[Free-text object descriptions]
============================================================

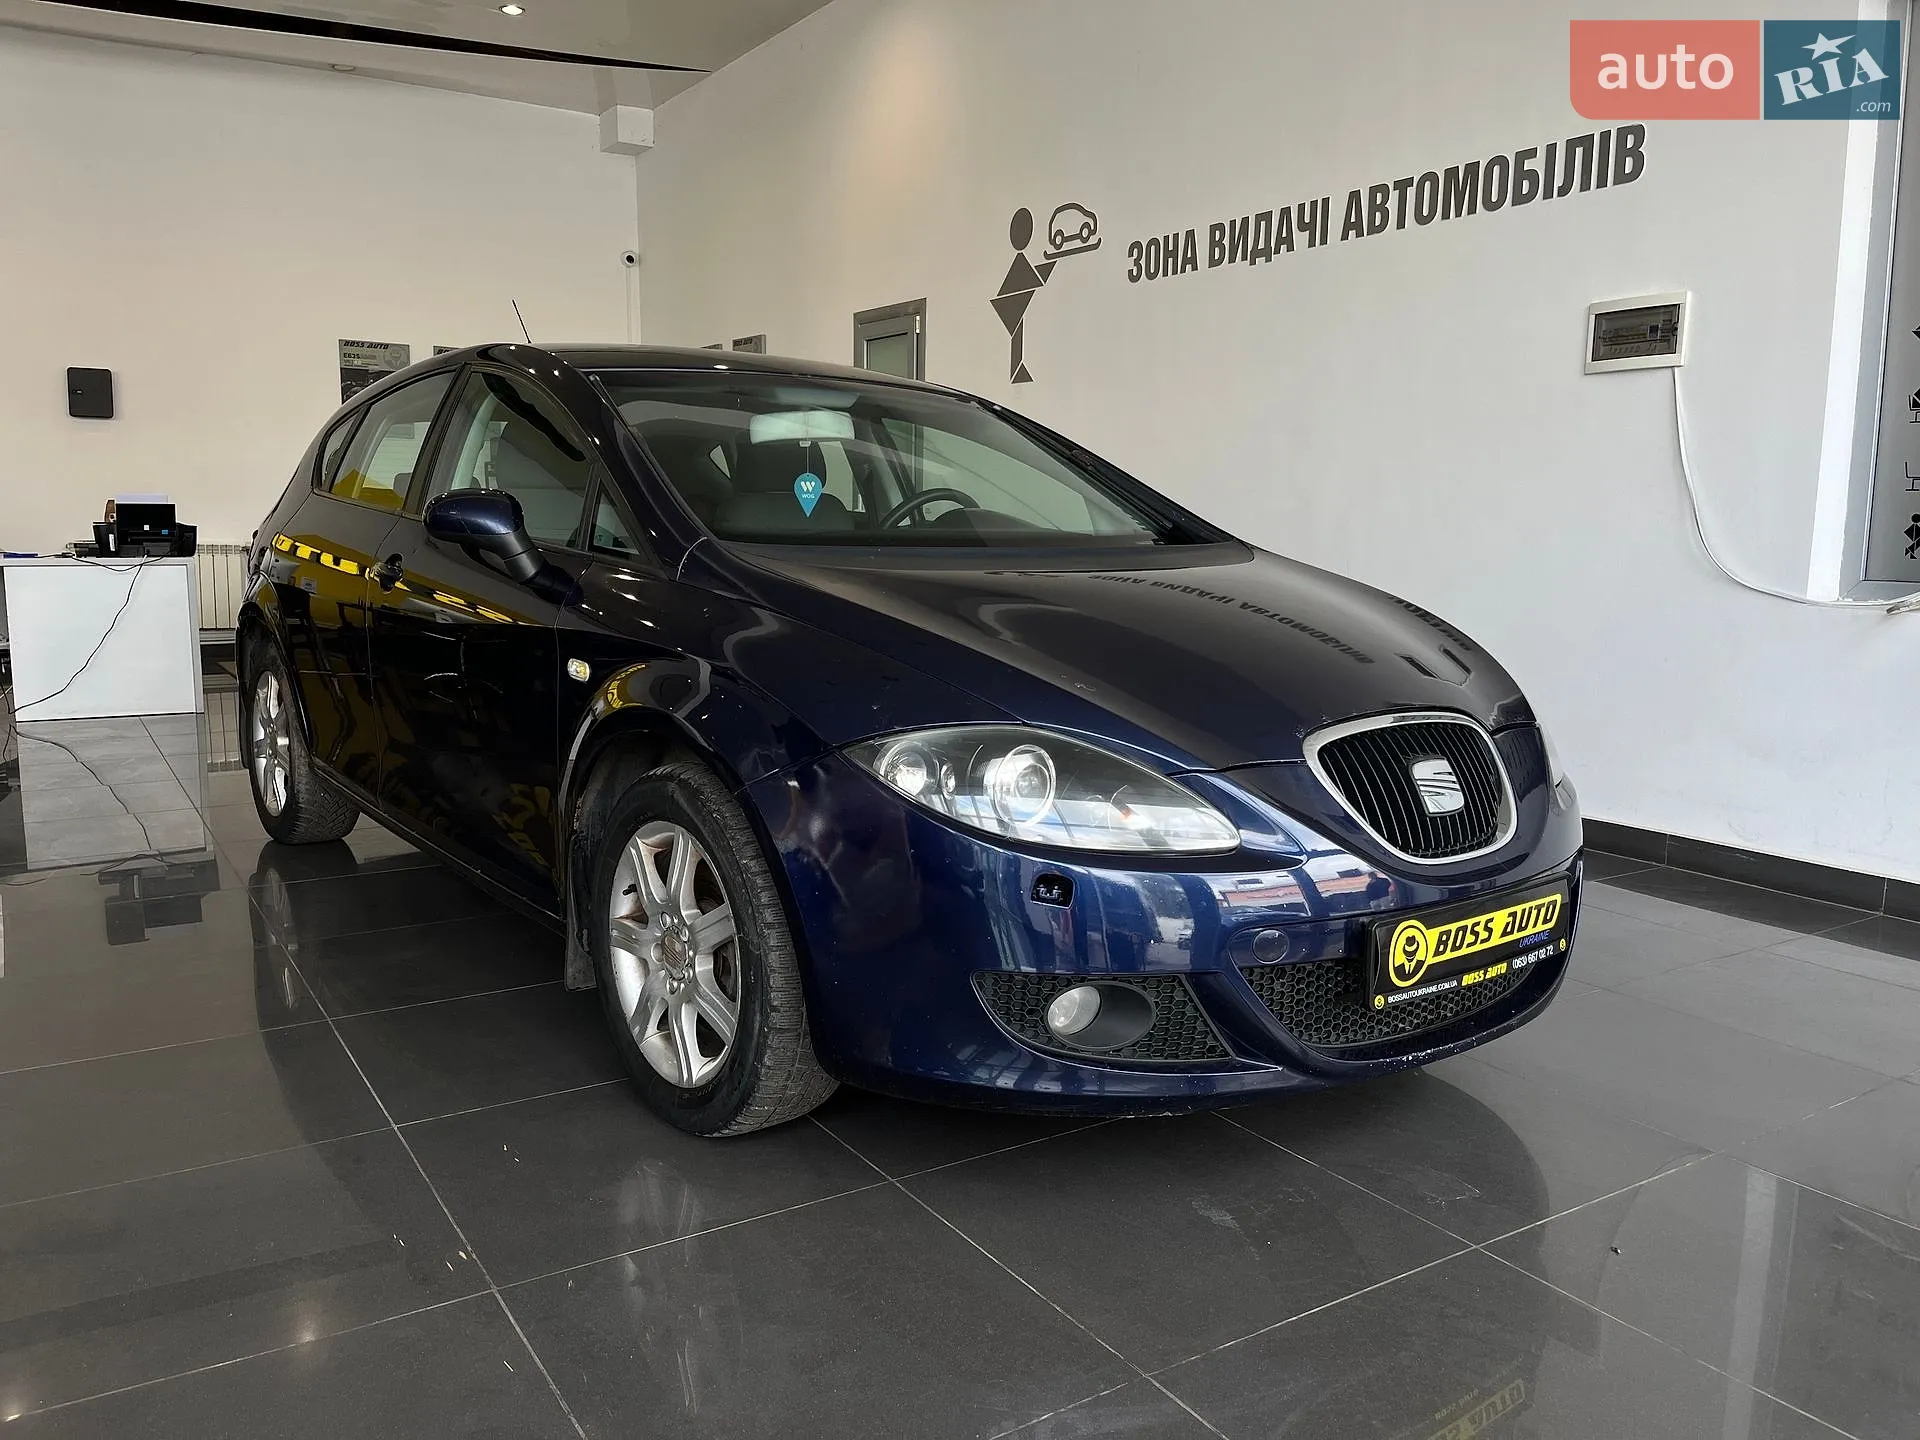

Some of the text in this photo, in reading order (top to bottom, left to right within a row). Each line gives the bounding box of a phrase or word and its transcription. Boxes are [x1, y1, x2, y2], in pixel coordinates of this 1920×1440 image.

[1127, 122, 1647, 283] ЗОНА ВИДАЧІ АВТОМОБІЛІВ
[1432, 899, 1558, 958] BOSS AUTO
[1519, 929, 1551, 948] UKRAINE
[1461, 962, 1508, 987] BOSS AUTO
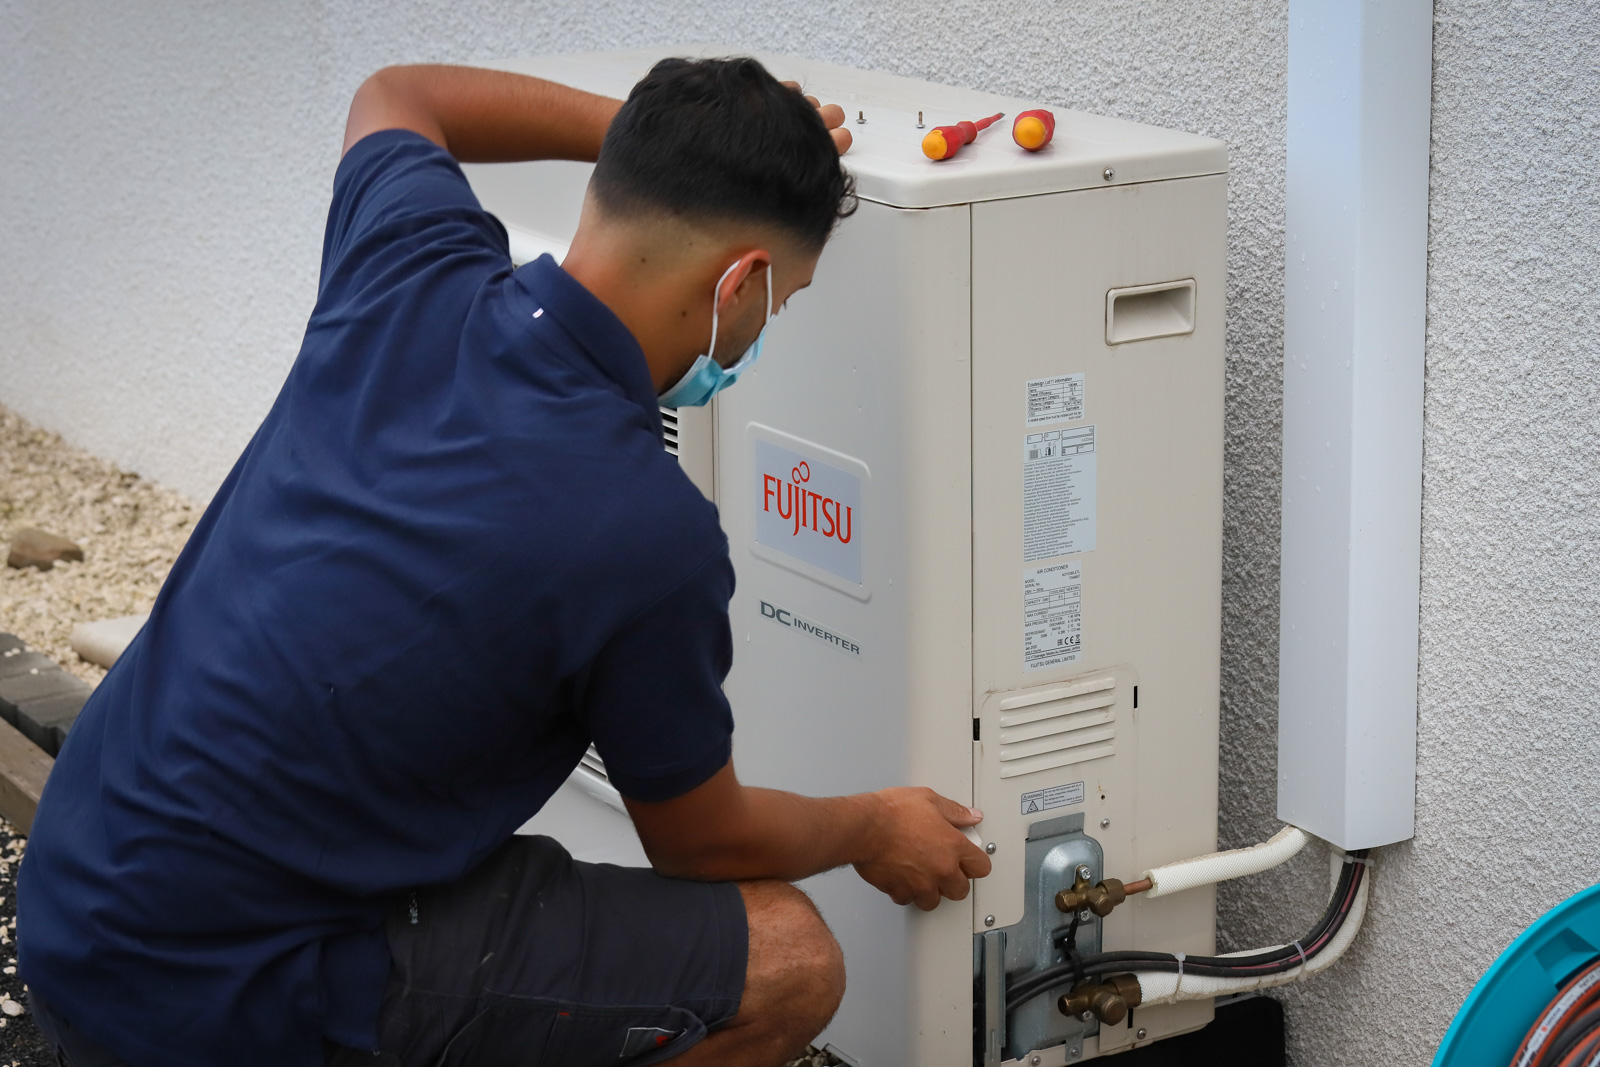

============================================================

WHAT YOU ARE ASKED TO DO: Return every record exactly, minus the pictures.

WRITTEN SOLUTION:
Some of the text in this photo, in reading order (top to bottom, left to right within a row). Each line gives the bounding box of a phrase or word and its transcription. Boxes are [x1, y1, x2, y2], in pixel coordinates of this 1920×1440 image.

[1127, 122, 1647, 283] ЗОНА ВИДАЧІ АВТОМОБІЛІВ
[1432, 899, 1558, 958] BOSS AUTO
[1519, 929, 1551, 948] UKRAINE
[1461, 962, 1508, 987] BOSS AUTO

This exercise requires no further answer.